You do not need a marketing team to keep your Google Business Profile healthy. You need 15 minutes every Monday morning. This is the routine we set up for every client.

Minutes 1 to 5: respond to every new review

Open your profile, read each new review and write a genuine response. For positive reviews, mention something specific, such as the tax return you helped with. For negative reviews, acknowledge the concern and offer to resolve it offline. Google tracks your response rate, so aim for 100%.

Minutes 5 to 10: add one photo and write one post

Take a photo of your office, your team or something relevant to this week’s work, then write a short post under 100 words. A real estate agent might cover weekend open homes. An accountant in April might remind clients about end of financial year deadlines.

Minutes 10 to 15: answer questions

Check for new questions and answer them directly. If there are none, add your own frequently asked questions. Google lets business owners post and answer their own, and these appear prominently on your profile.

That is the whole routine. Do it consistently and you are already ahead of roughly 80% of your competitors, because most businesses never touch their profile after the initial setup.

How to check if your profile is falling behind

Before you commit to the weekly routine, find out where you stand. Search your exact business name on Google, open your Google Business Profile and check three dates.

  • Your last review. If it is more than two months old you have a recency problem, so ask your last three happy clients for a review with a direct link
  • Your last photo. If the newest one is from last year, Google sees a dormant profile, so upload three current photos today
  • Your last post. If the updates section is empty or months old, start this week with a single post
Clipboard checklist and clock showing a 15 minute weekly profile maintenance routine

Next steps for Melbourne businesses

If you compete for local visibility as an accountant, lawyer or medical practice, your Google Business Profile is now your most important digital asset after your website. Unlike your website, it only takes 15 minutes a week to maintain, and consistent activity feeds directly into your Google Maps ranking.

The businesses that show up in the map pack this year will not be the ones with the oldest profiles or the most reviews. They will be the ones that kept showing up, week after week. Start this Monday.

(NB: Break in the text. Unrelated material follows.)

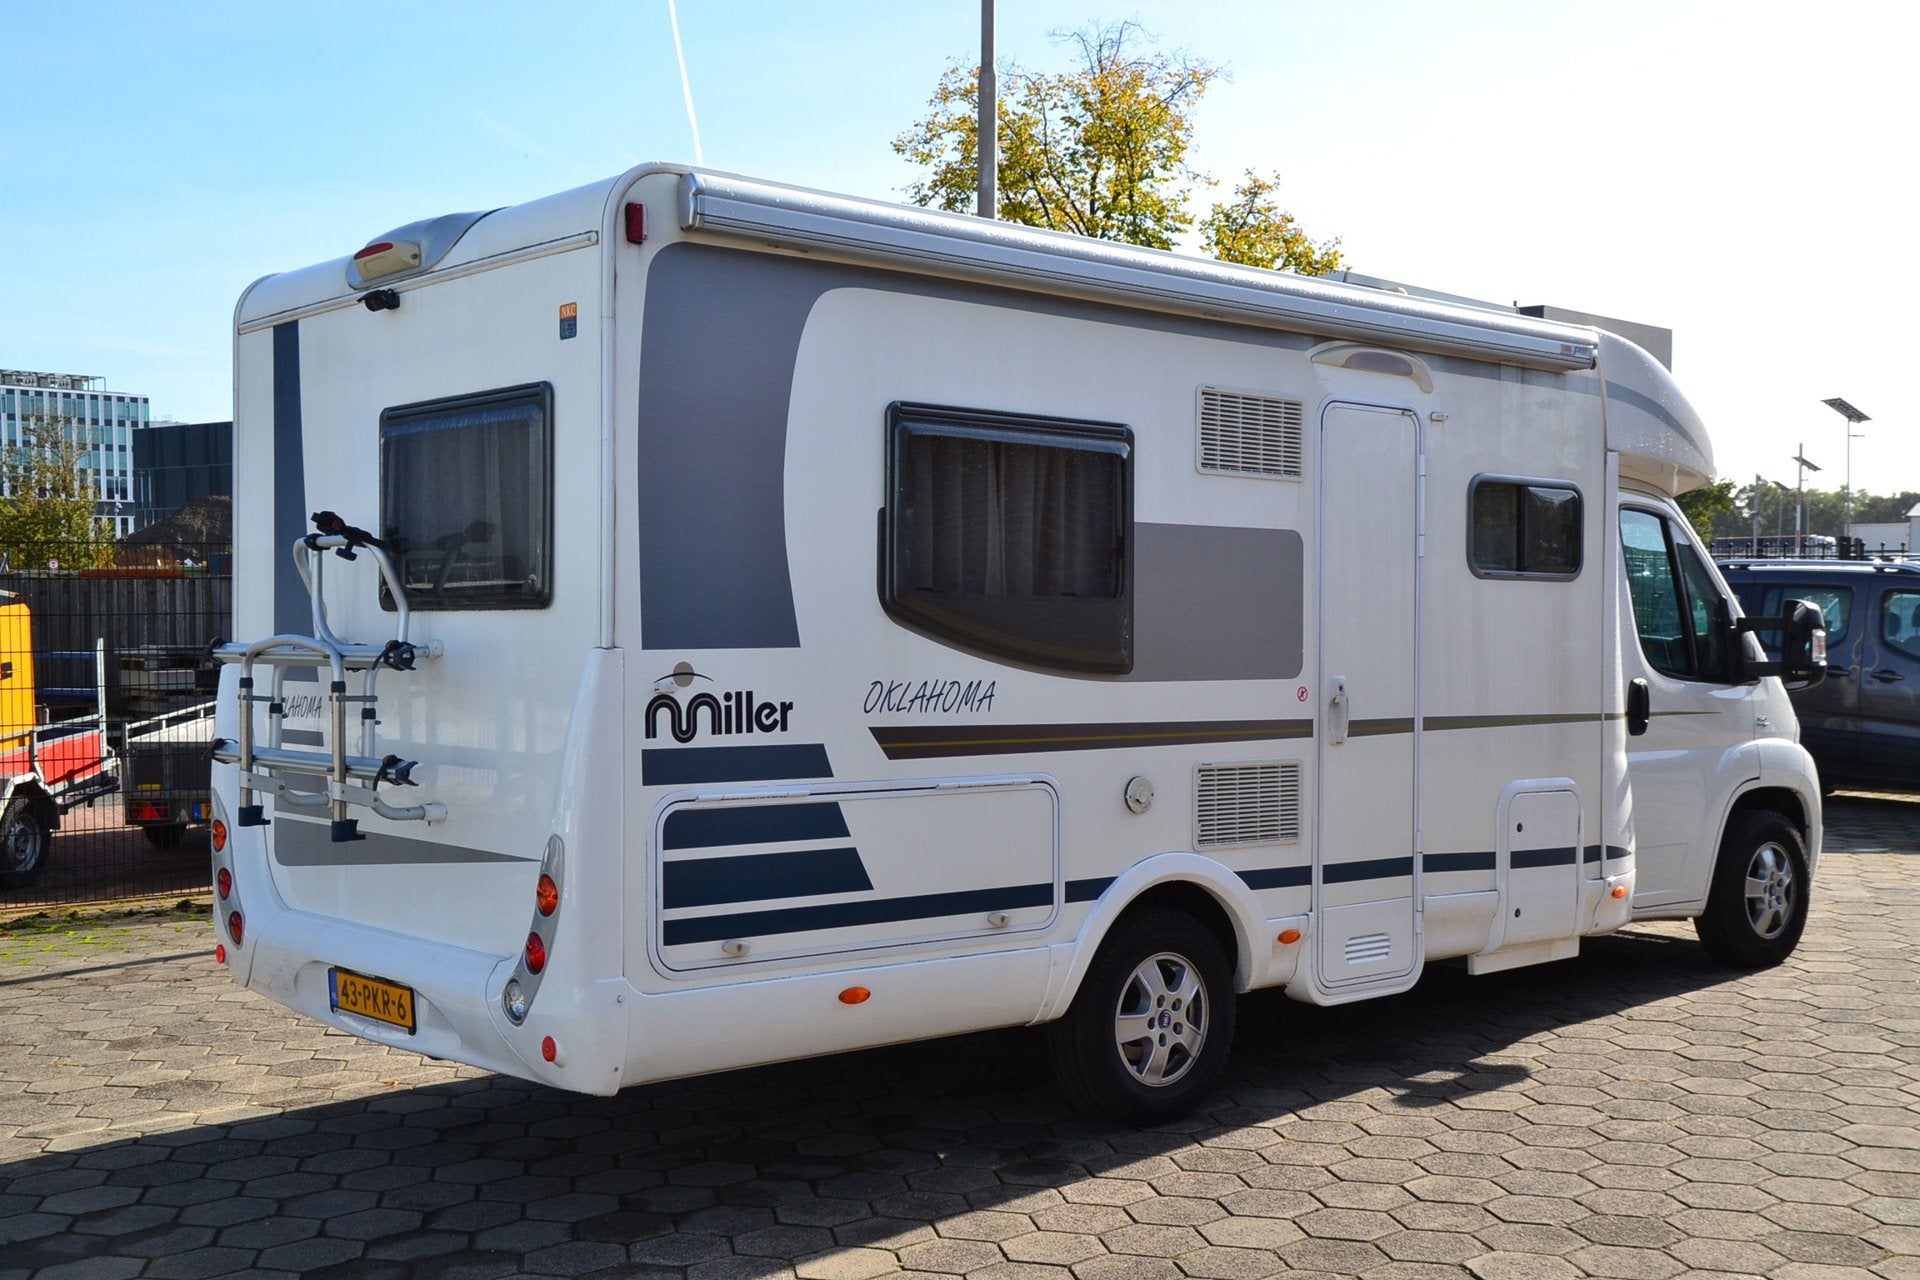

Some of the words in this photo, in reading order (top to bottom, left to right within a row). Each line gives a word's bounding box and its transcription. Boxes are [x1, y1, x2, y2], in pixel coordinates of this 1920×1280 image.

[282, 695, 322, 719] LAHOMA
[863, 679, 996, 714] OKLAHOMA
[645, 690, 794, 744] Miller
[341, 979, 407, 1021] 43-PKR-6

Frequently asked questions

How often should I post on my Google Business Profile?

Once a week is enough for most professional service firms. Consistency beats volume on a Google Business Profile, so a single short post every Monday outperforms a burst of posts followed by months of silence.

Do old Google reviews still help my ranking?

They help less than they used to. Google now weighs review recency and your response rate alongside the total count, so a steady trickle of fresh, answered reviews beats a large but stale collection.

What photos should a professional services firm upload?

Your shopfront, your team and your workspace are the staples. Add anything that shows the business operating day to day, such as a meeting room set up for clients or a community event you attended.

Can other people answer questions on my profile?

Yes. Google allows any user to answer questions on a Business Profile, and their answers may be wrong or unhelpful. Answering promptly yourself keeps the record accurate and signals engagement.

How long until an active profile improves my Google Maps ranking?

Most of our clients see impression growth within four to eight weeks of starting a weekly routine. Competitive inner-suburb categories can take longer, but the trend is usually visible inside two months.